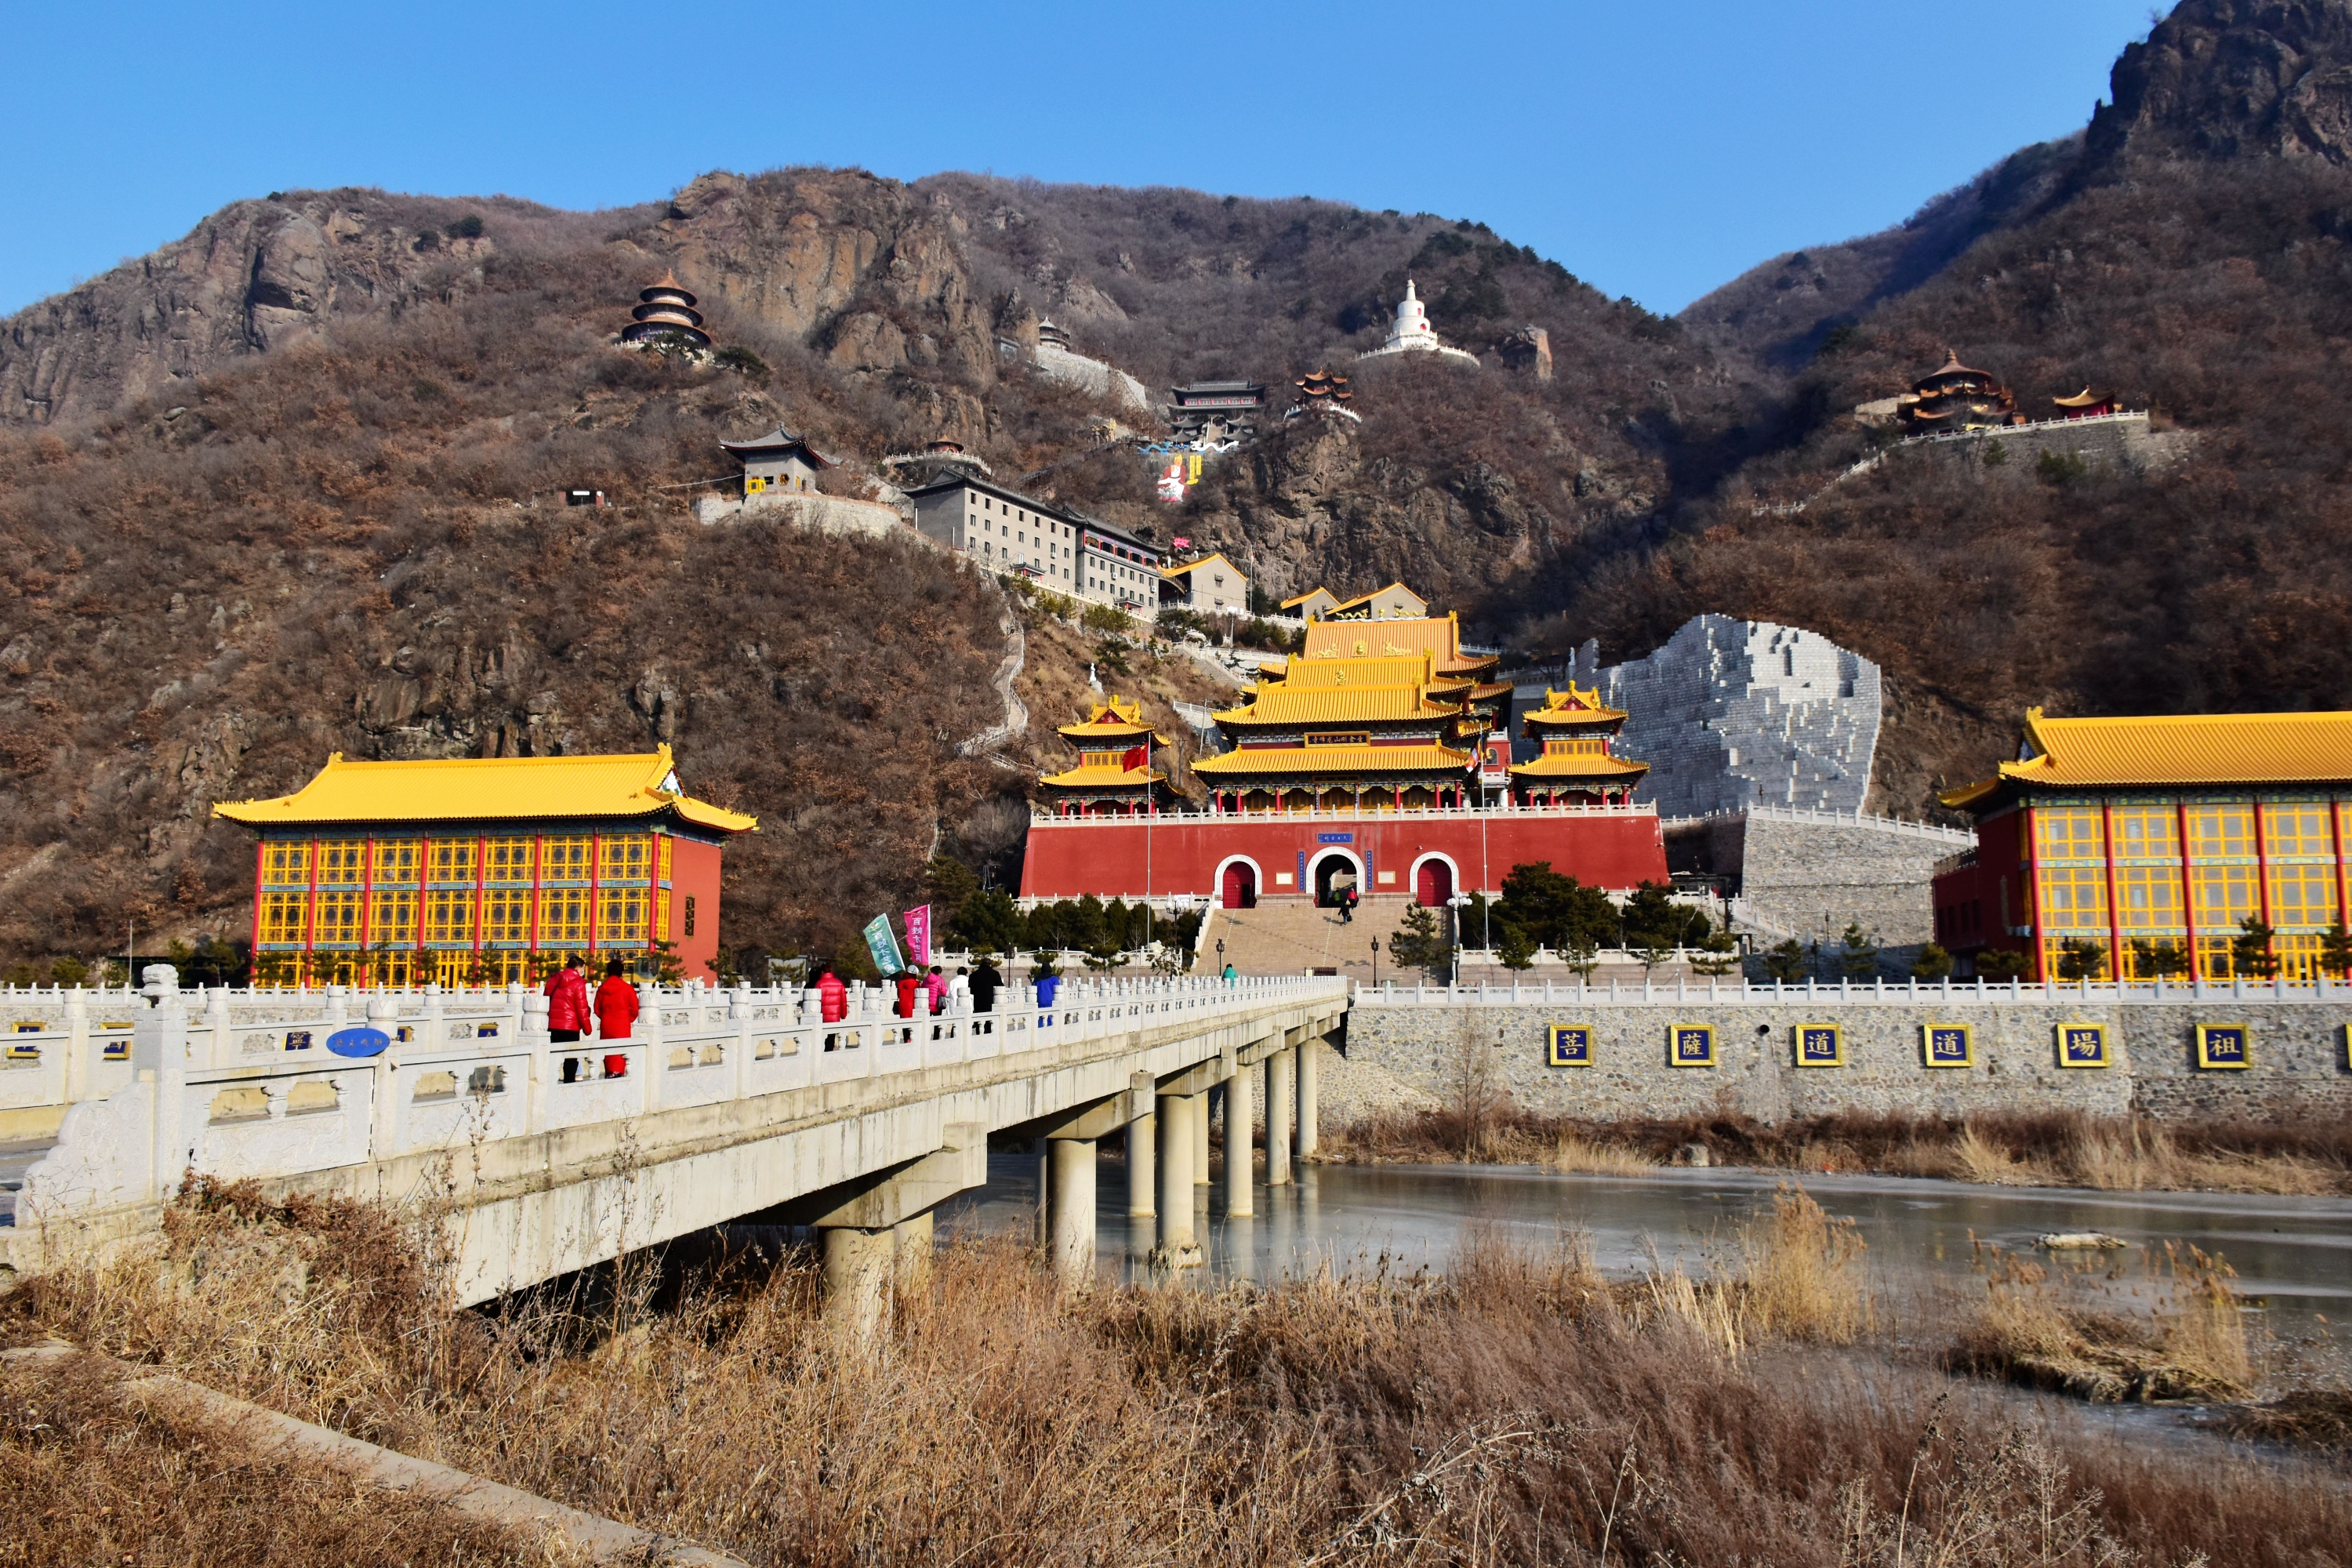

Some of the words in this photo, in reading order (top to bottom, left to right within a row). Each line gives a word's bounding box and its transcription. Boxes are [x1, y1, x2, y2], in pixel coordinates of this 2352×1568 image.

[1559, 1033, 1584, 1056] 菩
[1682, 1033, 1704, 1056] 薩
[1806, 1033, 1834, 1055] 道
[1935, 1033, 1963, 1056] 道
[2070, 1032, 2098, 1058] 場
[2209, 1033, 2241, 1057] 祖
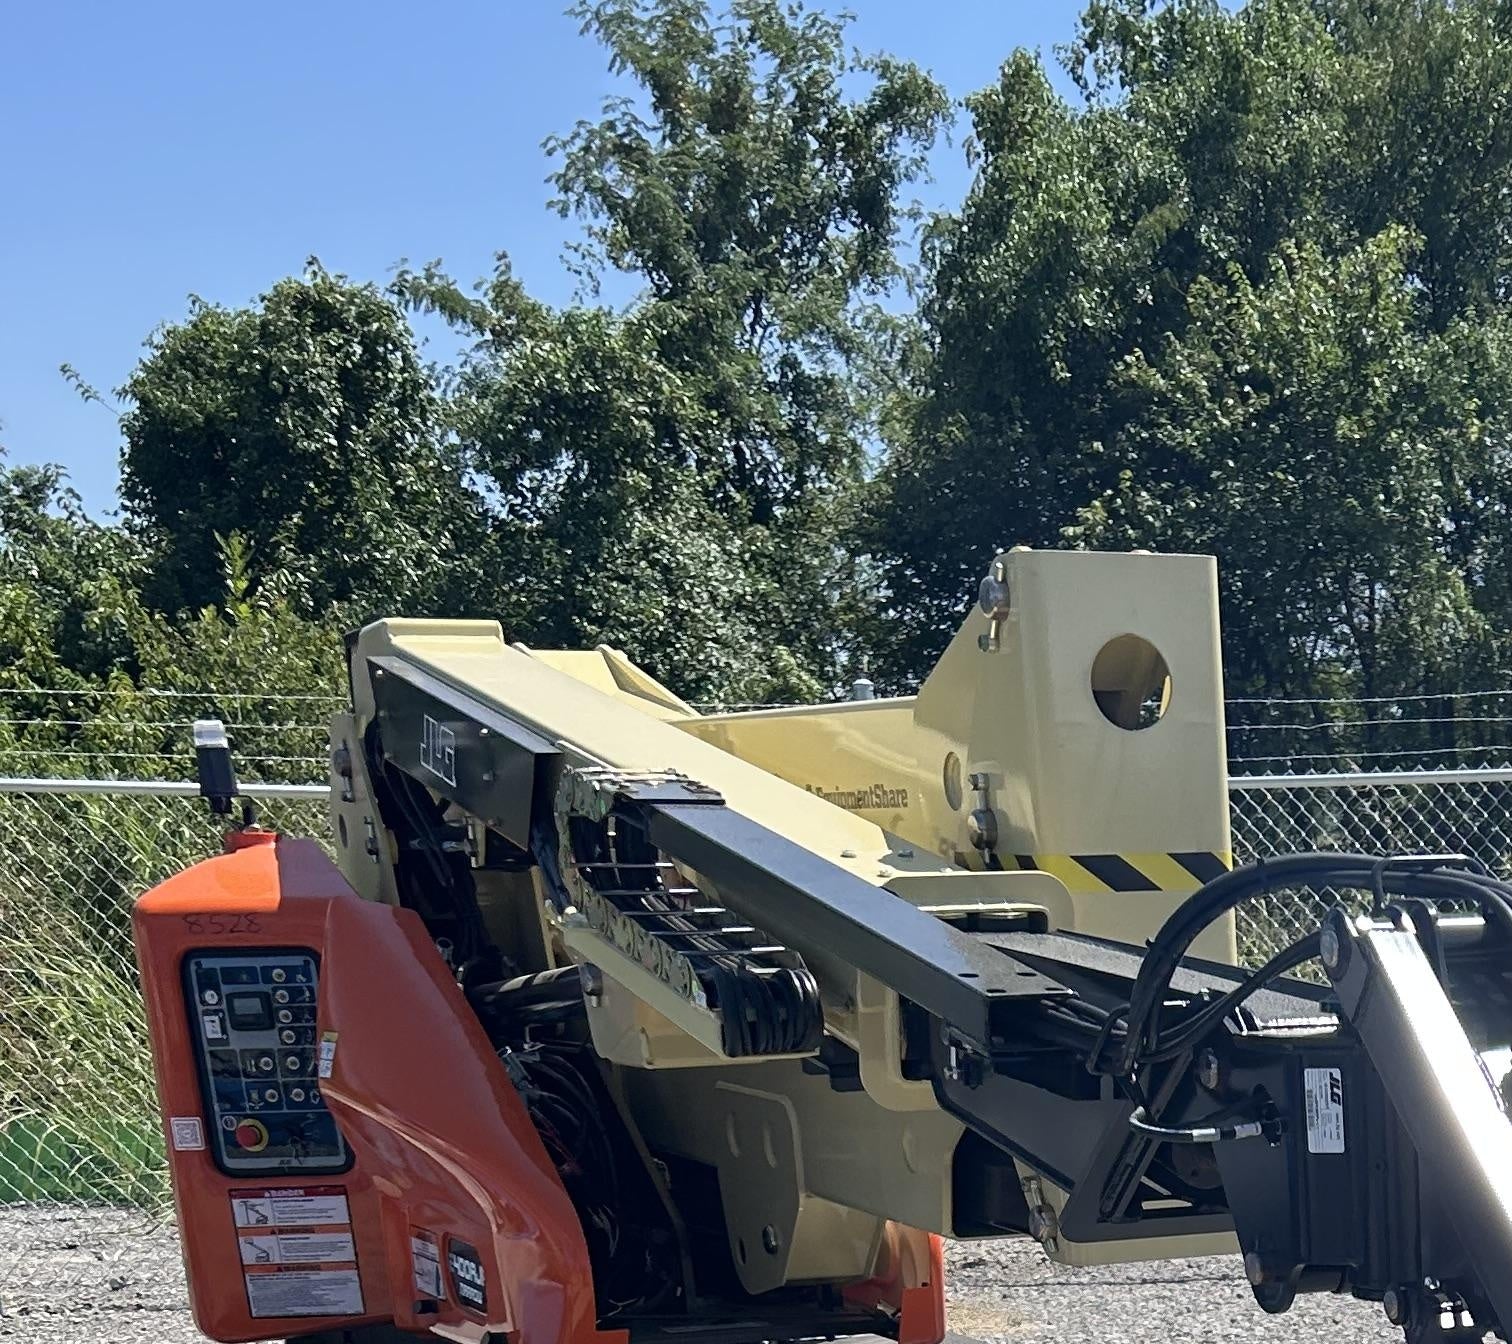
--------------------
### WHAT YOU SHOULD DO
Give back all of the material exactly, though without the images it contains.

### WRITTEN SOLUTION
Some of the words in this photo, in reading order (top to bottom, left to right within a row). Each line gives a word's bounding box and its transcription. Boxes are [x1, y1, x2, y2], in pixel coordinates of this 2352×1568 image.

[1559, 1033, 1584, 1056] 菩
[1682, 1033, 1704, 1056] 薩
[1806, 1033, 1834, 1055] 道
[1935, 1033, 1963, 1056] 道
[2070, 1032, 2098, 1058] 場
[2209, 1033, 2241, 1057] 祖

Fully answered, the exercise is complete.